While all of this went on, Linus himself was seemingly unconcerned by any “race” for the structure of DNA. In fact, the only racing on his mind was a jaunt across Western Europe in a new sports car.

While Watson and Crick frantically worked to unravel the secrets of DNA before Linus Pauling beat them to it, Linus Pauling himself was debating the virtues of British, German, and Italian motor vehicles. Preparing for multiple trips overseas and in the market for some new wheels, Pauling’s plan was to select a car while in Europe during the Spring for the Solvay Conference, and then to actually pick it up in August, when he and Ava Helen would return to Europe for the International Congress of Pure and Applied Chemistry in Stockholm and Uppsala. The couple would then tour the continent in style before returning to the United States on a Scandinavian freighter and driving across the country from either New York or New Orleans to their California home.

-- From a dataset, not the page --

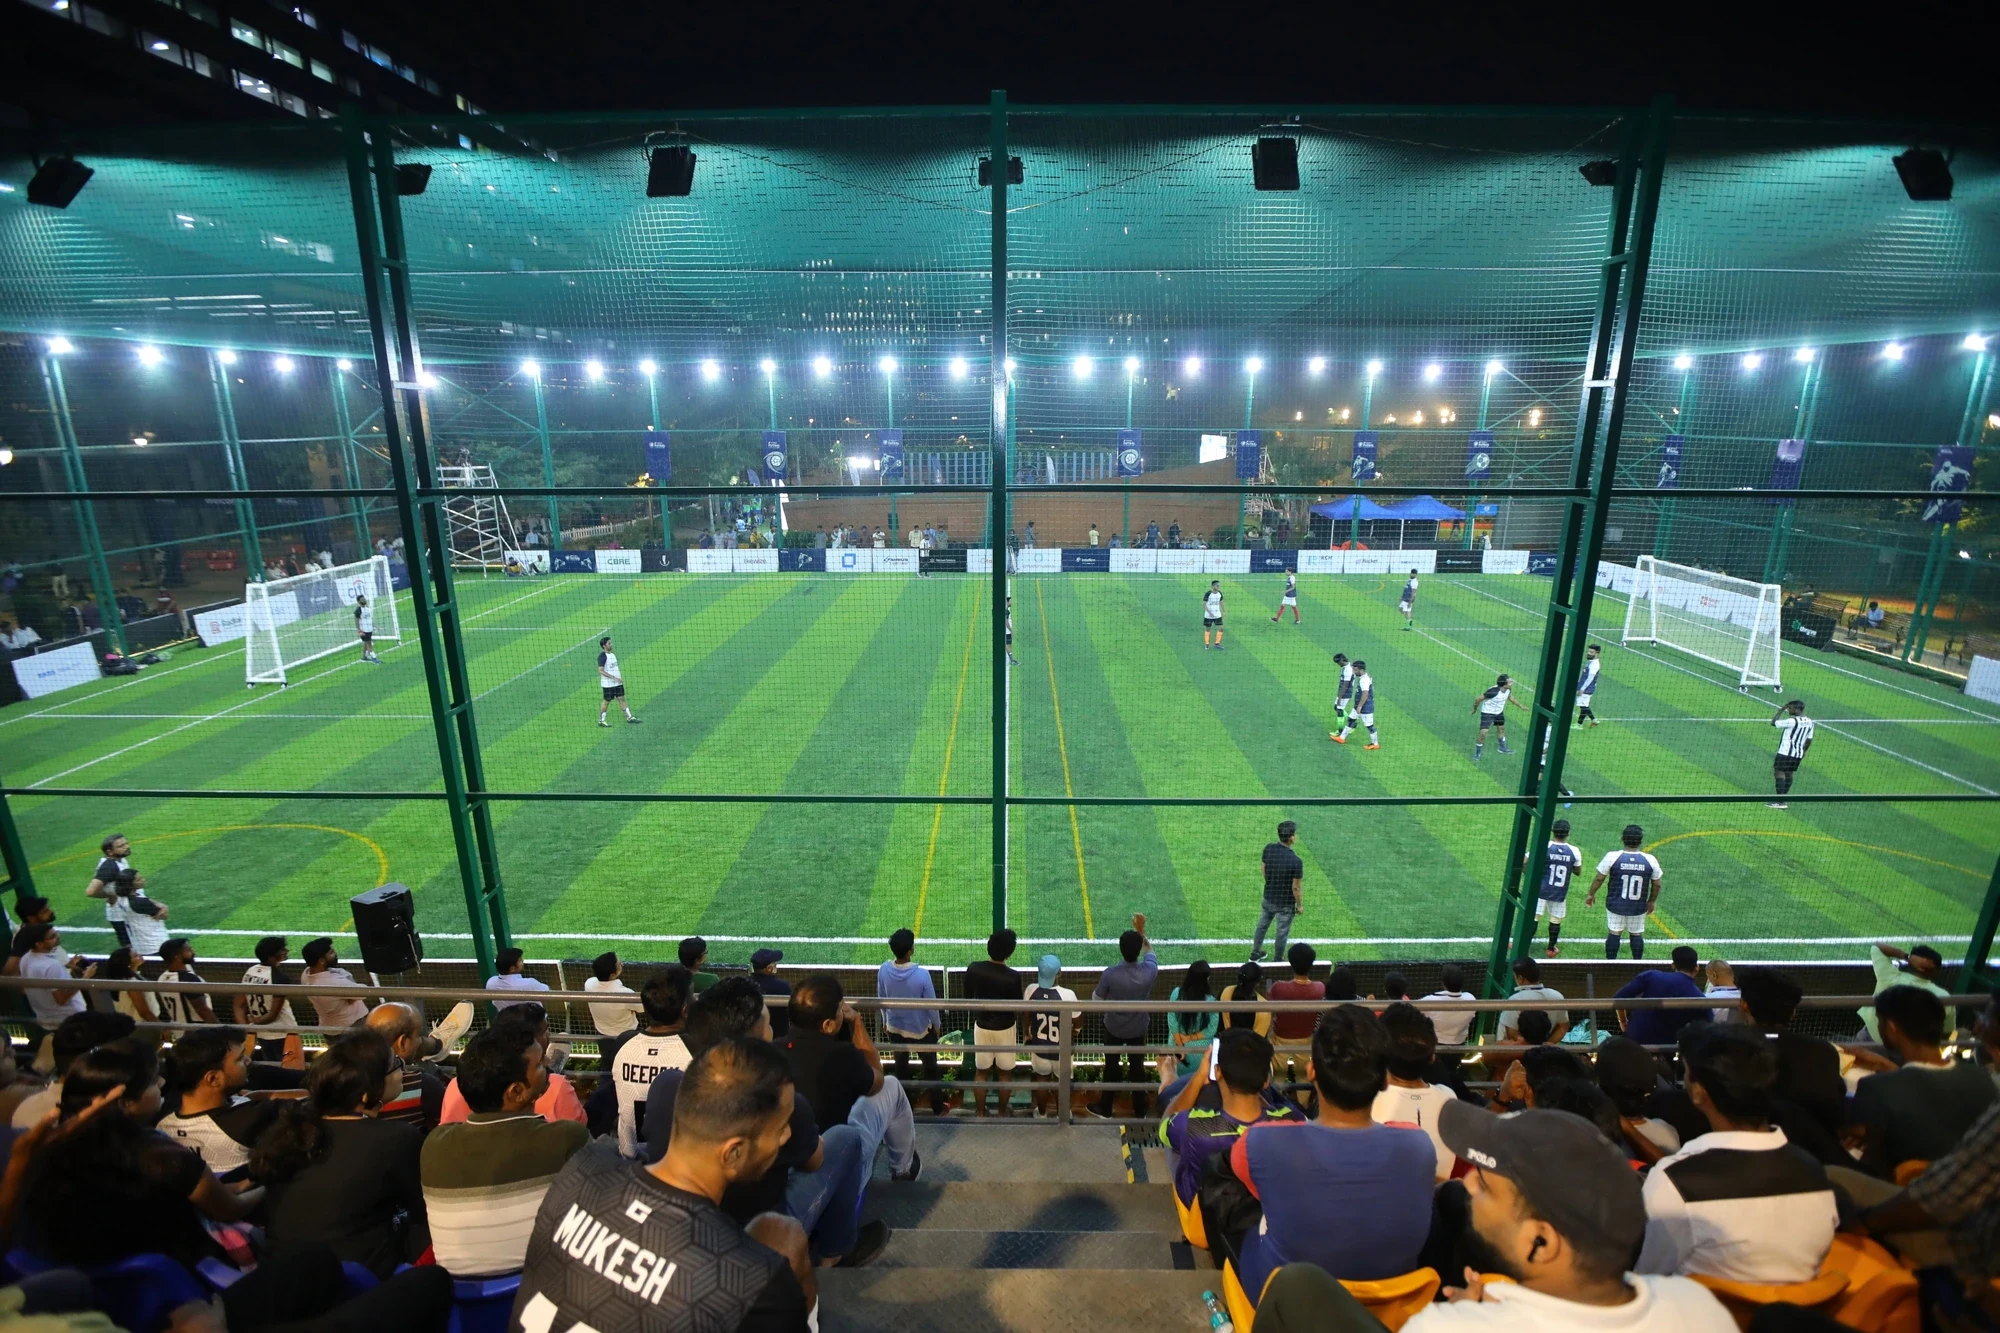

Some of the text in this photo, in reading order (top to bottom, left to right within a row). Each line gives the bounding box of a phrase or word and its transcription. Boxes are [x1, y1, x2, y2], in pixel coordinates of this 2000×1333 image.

While Peter advised his father that a Jaguar Mark VII was absolutely the best buy of the season, Linus expressed a preference for the slightly more modest convertible Sunbeam-Talbot. Peter countered with the possibility of an Austin A-40 Sports 4-Seater, and Linus finally agreed to have Peter look into purchasing the car on his behalf and scheduling a delivery of sorts. Seeing that his father was finally taking the bait, Peter attempted to spring a trap: “Might you be in need of a chauffeur, mechanic, linguist, travelling companion, navigator, break repairer, tire changer, witty conversationalist etc. on your trip next summer?” he wondered. “I know just the fellow. Good friend of mine.”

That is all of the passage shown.